◆ WHAT YOU NEED TO DO: Print out each entry below in full, exactly as given, excluding pictures.

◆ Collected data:
* * * * * * * * *
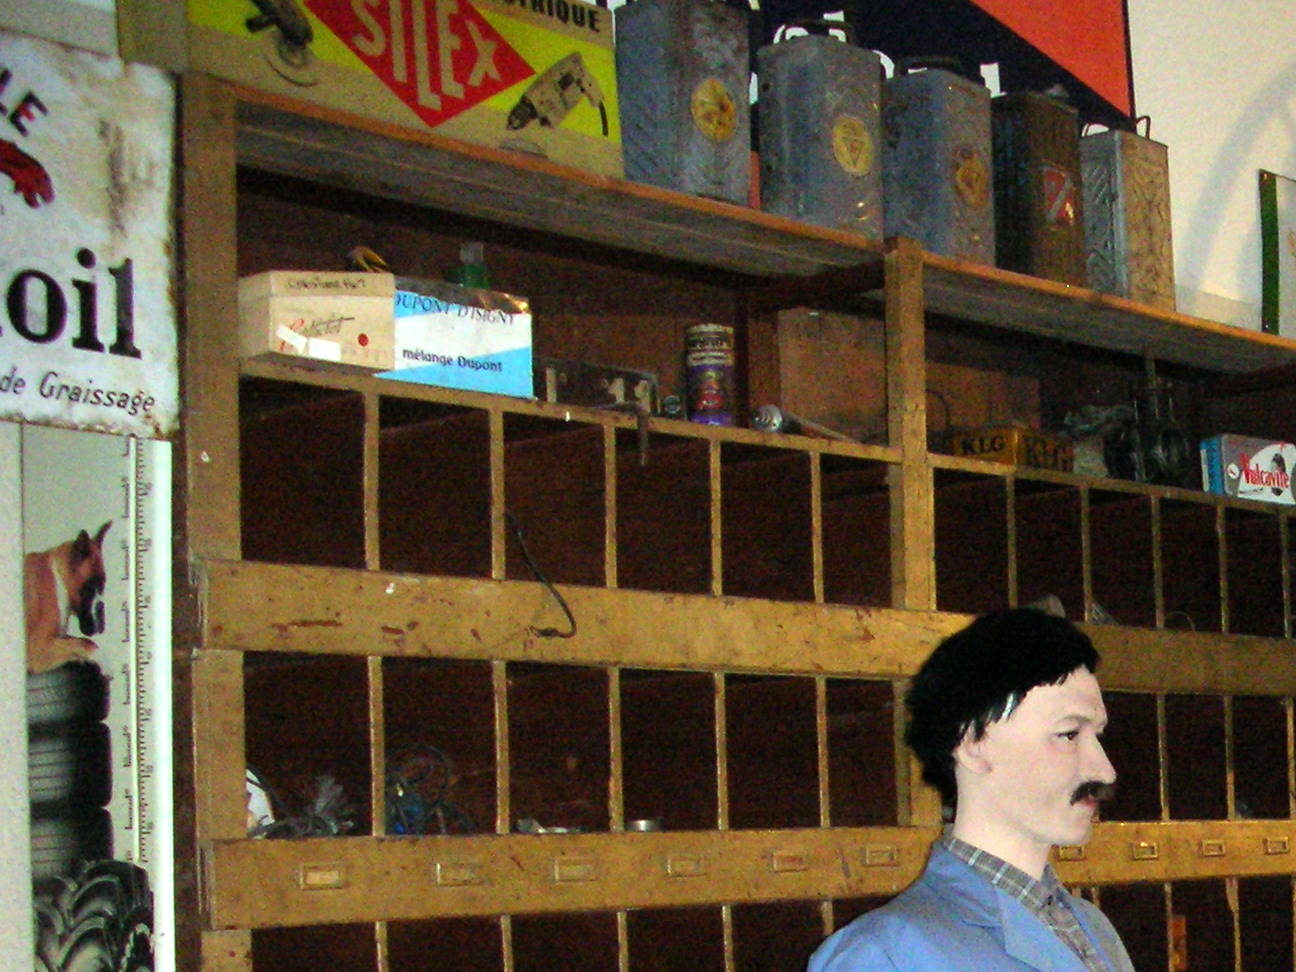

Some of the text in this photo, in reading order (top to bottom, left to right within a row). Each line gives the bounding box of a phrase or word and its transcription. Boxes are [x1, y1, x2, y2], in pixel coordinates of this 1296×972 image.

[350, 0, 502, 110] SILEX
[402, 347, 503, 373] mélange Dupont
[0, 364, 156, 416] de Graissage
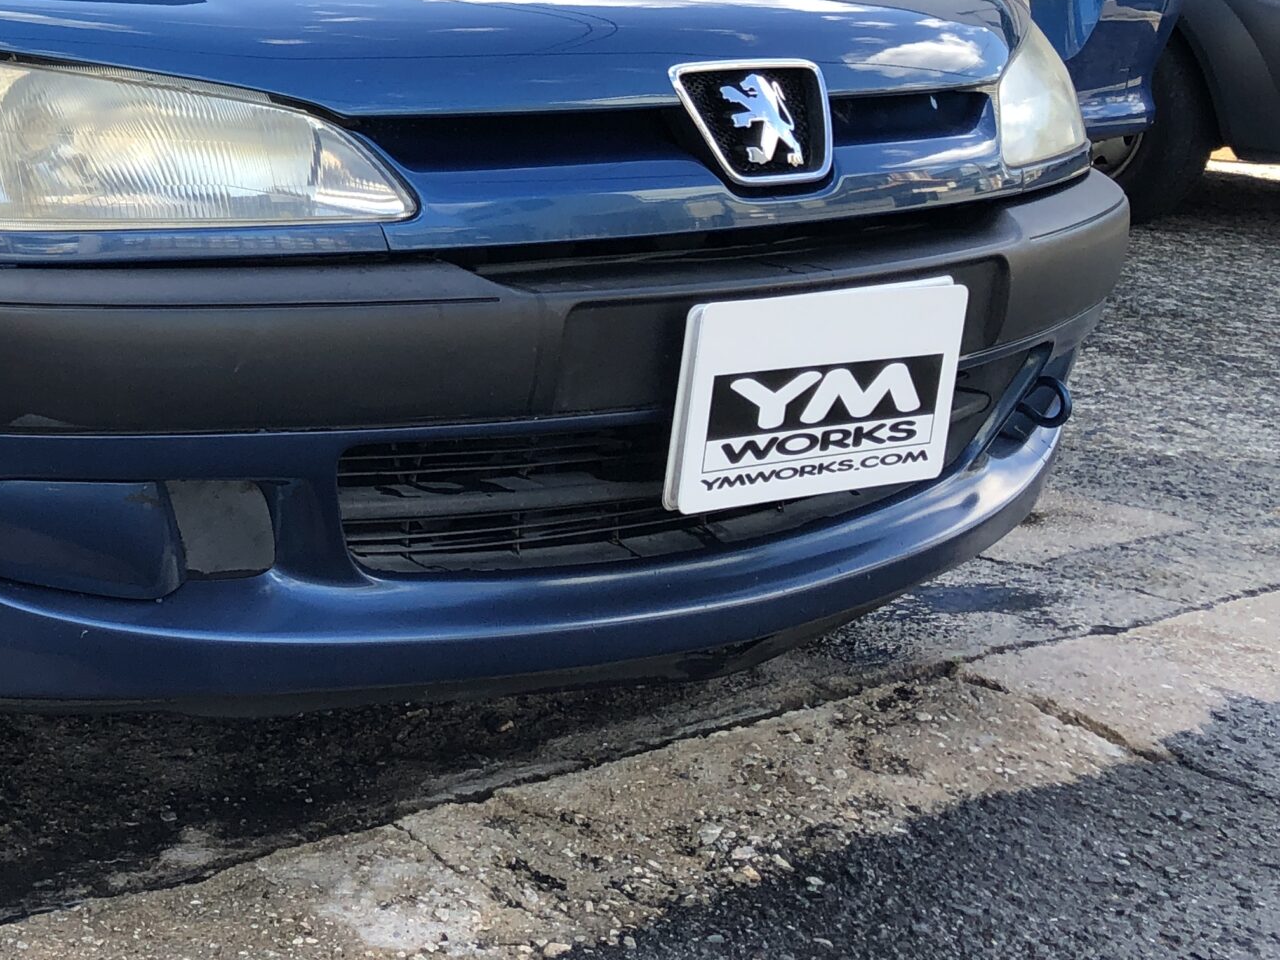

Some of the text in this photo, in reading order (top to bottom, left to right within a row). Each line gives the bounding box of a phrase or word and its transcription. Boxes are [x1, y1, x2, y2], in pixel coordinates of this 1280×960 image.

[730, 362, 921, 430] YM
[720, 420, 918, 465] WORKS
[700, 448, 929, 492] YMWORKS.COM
* * * * * * * * *
◆ RESULT OF THIS EXERCISE:
Some of the text in this photo, in reading order (top to bottom, left to right within a row). Each line gives the bounding box of a phrase or word and its transcription. Boxes are [x1, y1, x2, y2], in pixel coordinates of this 1296×972 image.

[350, 0, 502, 110] SILEX
[402, 347, 503, 373] mélange Dupont
[0, 364, 156, 416] de Graissage

Some of the text in this photo, in reading order (top to bottom, left to right within a row). Each line gives the bounding box of a phrase or word and its transcription. Boxes are [x1, y1, x2, y2], in pixel coordinates of this 1280×960 image.

[730, 362, 921, 430] YM
[720, 420, 918, 465] WORKS
[700, 448, 929, 492] YMWORKS.COM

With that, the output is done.